- **Task prompt**: Please repeat each line below exactly, with no images in the copy.

- **Data under study**:

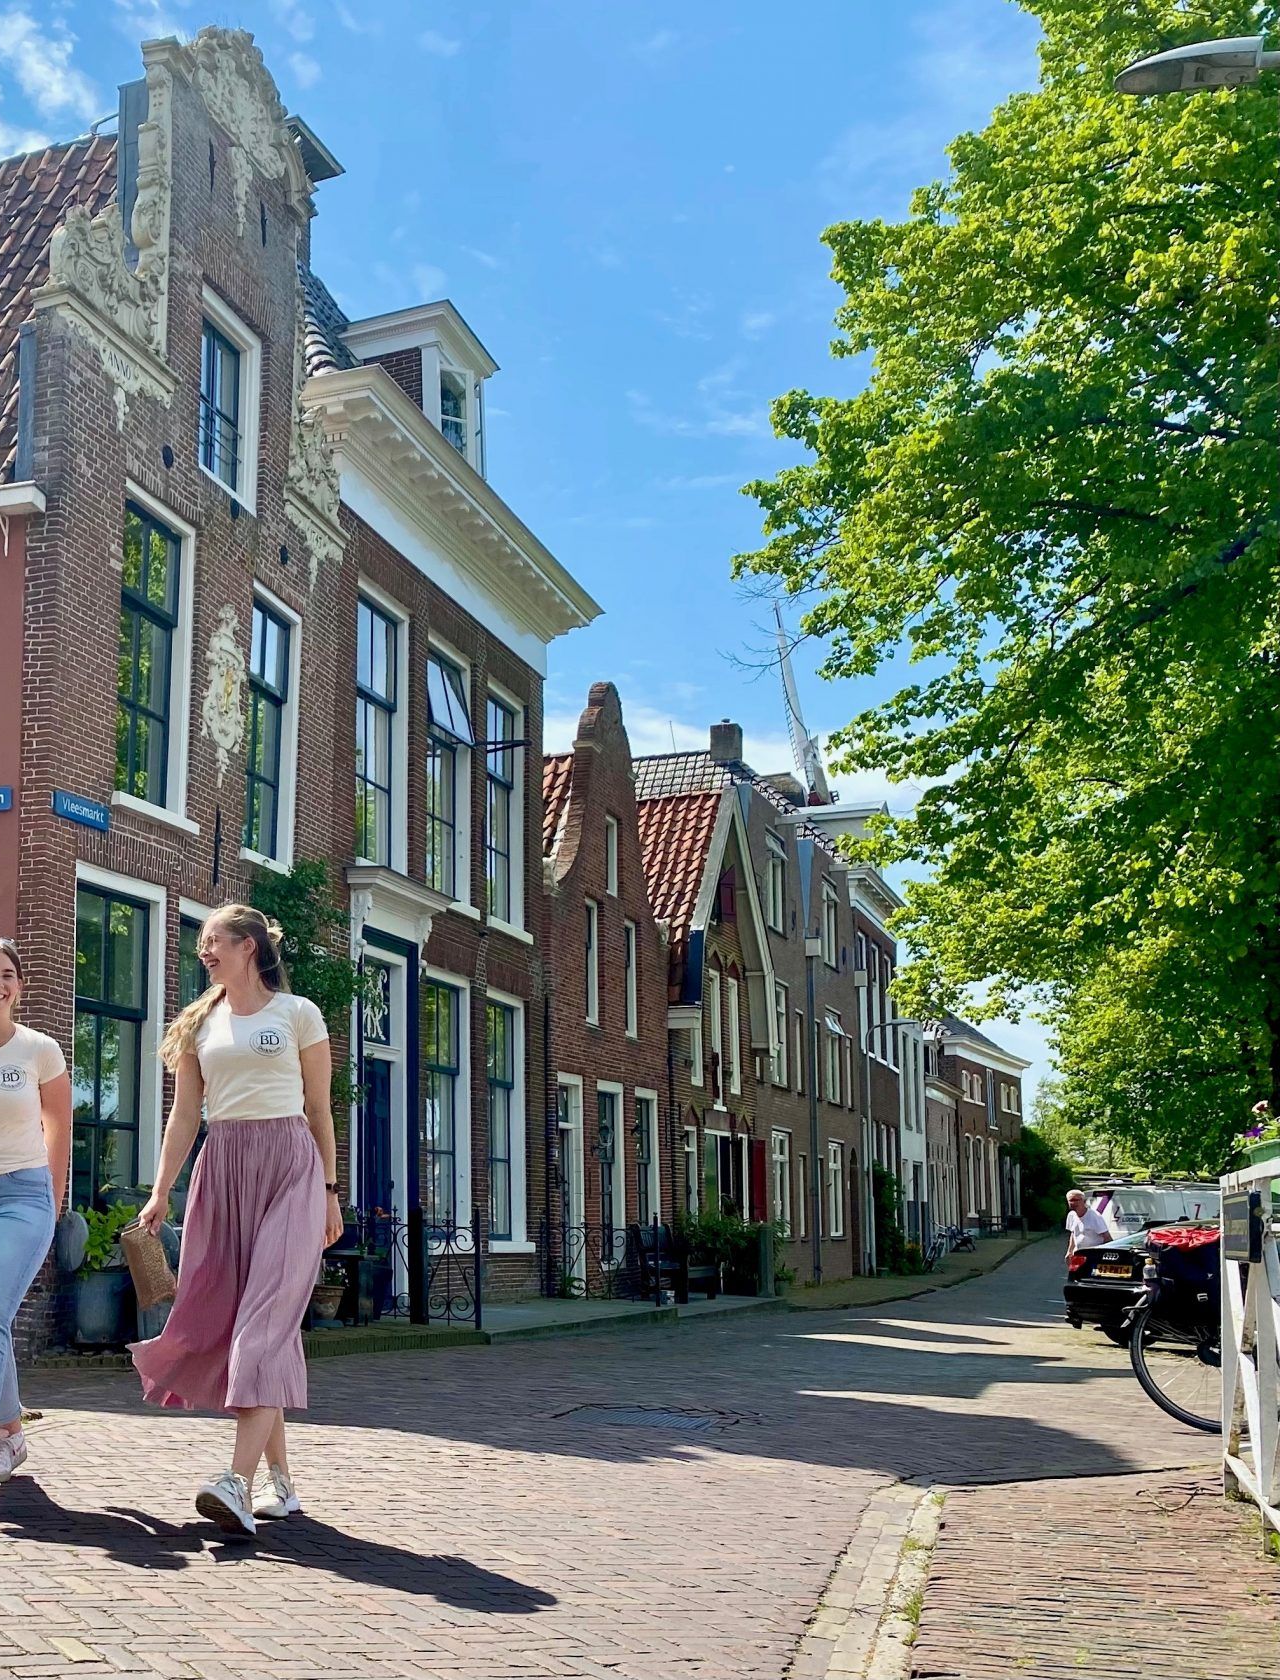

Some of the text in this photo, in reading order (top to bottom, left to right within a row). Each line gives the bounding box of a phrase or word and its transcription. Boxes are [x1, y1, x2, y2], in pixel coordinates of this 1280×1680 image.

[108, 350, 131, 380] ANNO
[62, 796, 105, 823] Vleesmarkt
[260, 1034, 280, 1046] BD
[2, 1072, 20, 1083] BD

- **Response below**:
Some of the text in this photo, in reading order (top to bottom, left to right within a row). Each line gives the bounding box of a phrase or word and its transcription. Boxes are [x1, y1, x2, y2], in pixel coordinates of this 1280×1680 image.

[108, 350, 131, 380] ANNO
[62, 796, 105, 823] Vleesmarkt
[260, 1034, 280, 1046] BD
[2, 1072, 20, 1083] BD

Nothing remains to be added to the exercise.